This is reverting to some extent to what we have at the moment in relation to this matter.

It is, yes. It is safer from the point of view of the defendant to have it spelled out.

Amendment agreed to.

I move amendment No. 6:

In page 4, line 34, to insert ", if he is sent forward for trial," after "and".

This is a drafting amendment the purpose of which is to ensure that the justice does not come to a decision as to whether or not to send the accused for trial until after he has heard any statement which the accused may wish to make in answer to the charge. It makes it quite clear that the justice cannot come to any decision at the preliminary examination on whether or not to send the accused forward for trial until he has heard any statement which the accused may wish to make in his defence or otherwise.

Amendment agreed to.

I move amendment No. 7:

In page 4, to delete lines 41 and 42.

The words are being deleted as unnecessary.

May I ask the Minister a question? This is Report Stage, and it is difficult to keep track of the amendments. I apologise if I seem to go back. The question is this. The Minister has presented to the House, and the House has accepted, an amendment which requires a District Justice not to send a defendant forward until he has heard any statement the defendant wants to make. Is there a corresponding obligation on the District Justice to inform the defendant of his right to make a statement?

Yes, it is in the section.

If it is in it, that is all right. The District Justice must say: "Have you anything to say? You have a right to make a statement."

Section 7 (3) provides that the justice shall ask the accused if he has anything to say, and that the justice shall caution the accused.

Thank you.

There is one small point on amendment No. 7 which deletes lines 41 and 42. I suppose there is no danger that by deleting this we are running the risk that a statement which was not signed by the justice would be allowed in. At first sight I am inclined to agree with the Minister and he is probably right. I take it that the position is that if it is shown at the trial that the justice did not sign the statement it will not be allowed in. I imagine that is the position and consequently the words are unnecessary but having put them in there seems to be some suggestion of departing from that situation by taking them out. The Minister is aware, for example, that in the issue of some types of summonses in the District Court it is the established and recognised practice and procedure, not that the court clerk will sign all the individual summonses but that a rubber stamp will be used. I do not want to see a situation arising whereby statements of this kind can be simply rubber-stamped with the District Justice's stamp.

It must be signed.

Take rate summonses as another example. They are issued through the District Court. I should imagine it has been clarified in regulations that it is sufficient that they be stamped with the stamp of the court clerk, with a name stamp. In fact, that is the way in which they are issued. It could be that there is something in the regulations which would, even in a case like this, authorise the use of the name stamp. I do not think there is any real danger in this but——

This was originally in the 1851 Act at a time when there was not the same organised system of justice that we have today. What is in the provision is really a repetition of the existing situation and it might be as well to leave it be in case the provision is wrongly interpreted.
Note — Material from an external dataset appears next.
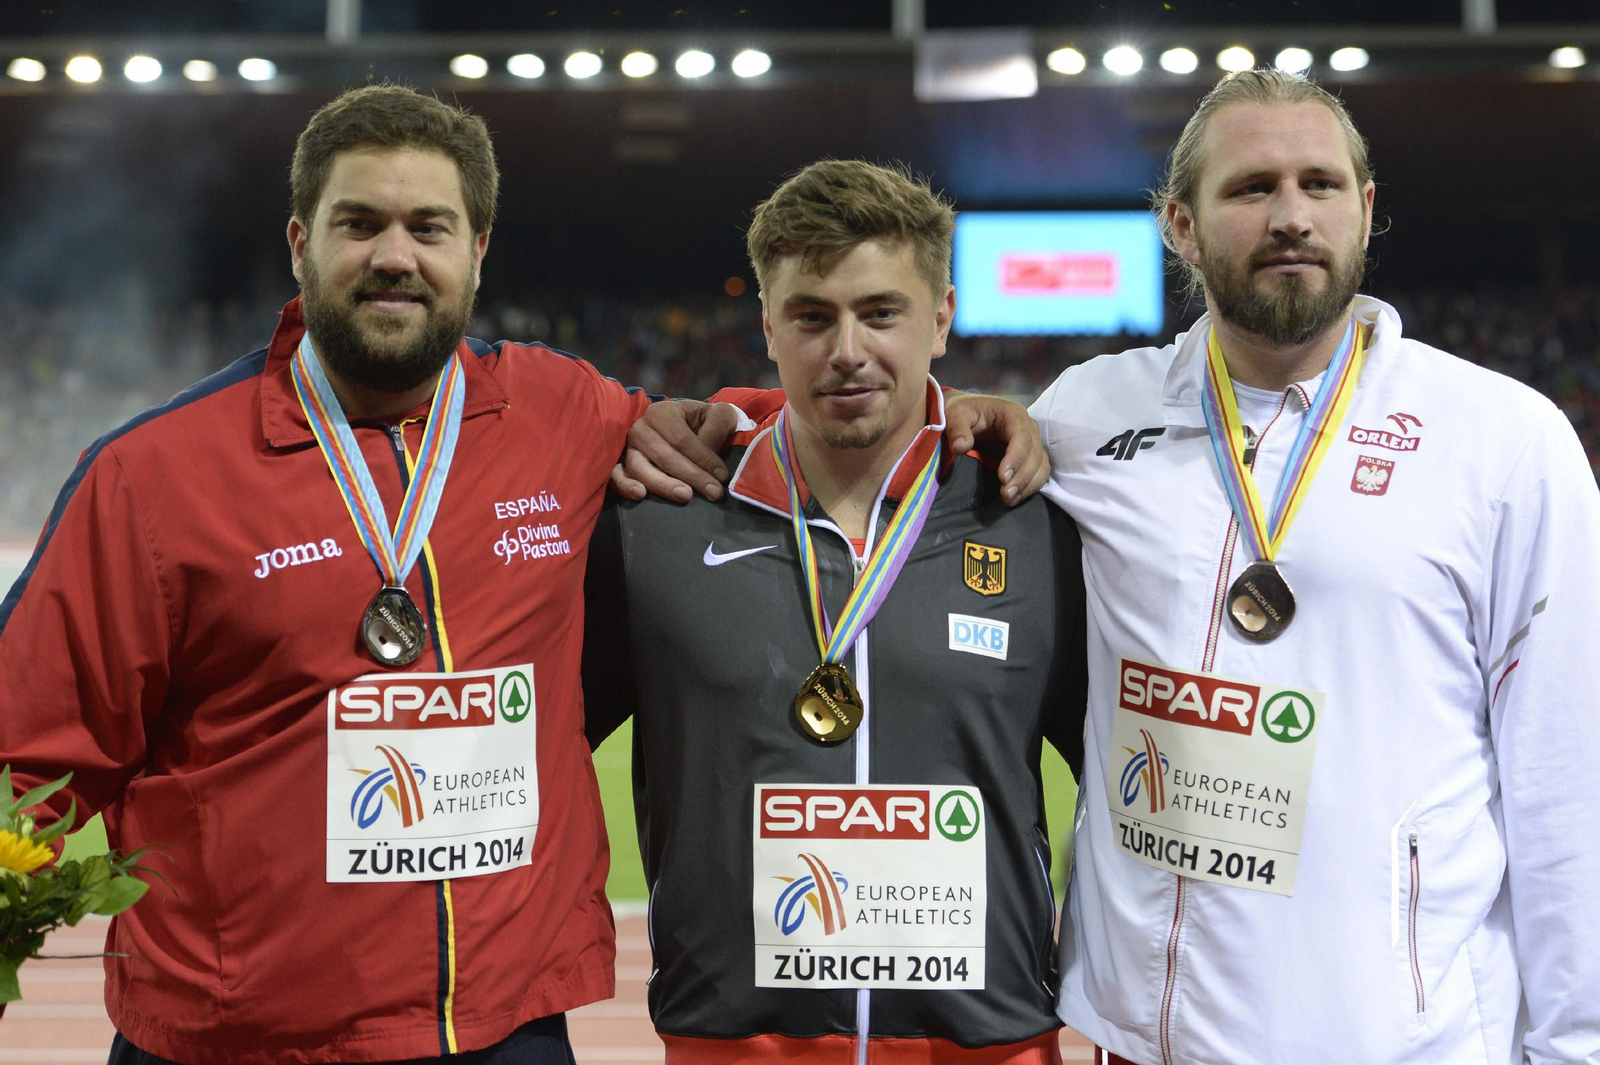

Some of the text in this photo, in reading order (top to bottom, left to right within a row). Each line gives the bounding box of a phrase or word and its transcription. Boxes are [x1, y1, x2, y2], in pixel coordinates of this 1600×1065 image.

It is probably unnecessary, but it does not do any harm to leave it.

Amendment, by leave, withdrawn.

I move amendment No. 8:

In page 5, line 10, to delete "does not object" and substitute "consents".

Amendments Nos. 8, 13 and 19 may be taken together.

In their present forms sections 8 (4) and 13 (2) (a) allow of an offence being dealt with summarily, where the Attorney General does not object to the adoption of this course. It has been suggested to me that this could give rise to difficulties in the case of a private prosecution, as the Attorney General would not be represented and might not even be aware of the prosecution. The absence of objection by him to summary disposal in such circumstances would have no meaning. I propose, therefore, amendments Nos. 8 and 13 to provide that the actual consent of the Attorney General will be required to summary disposal under sections 8 (4) and 13 (2) (a). The new section proposed in amendment No. 19 provides that such consent may be given in writing over the signature of the Attorney General or orally by his representative in court.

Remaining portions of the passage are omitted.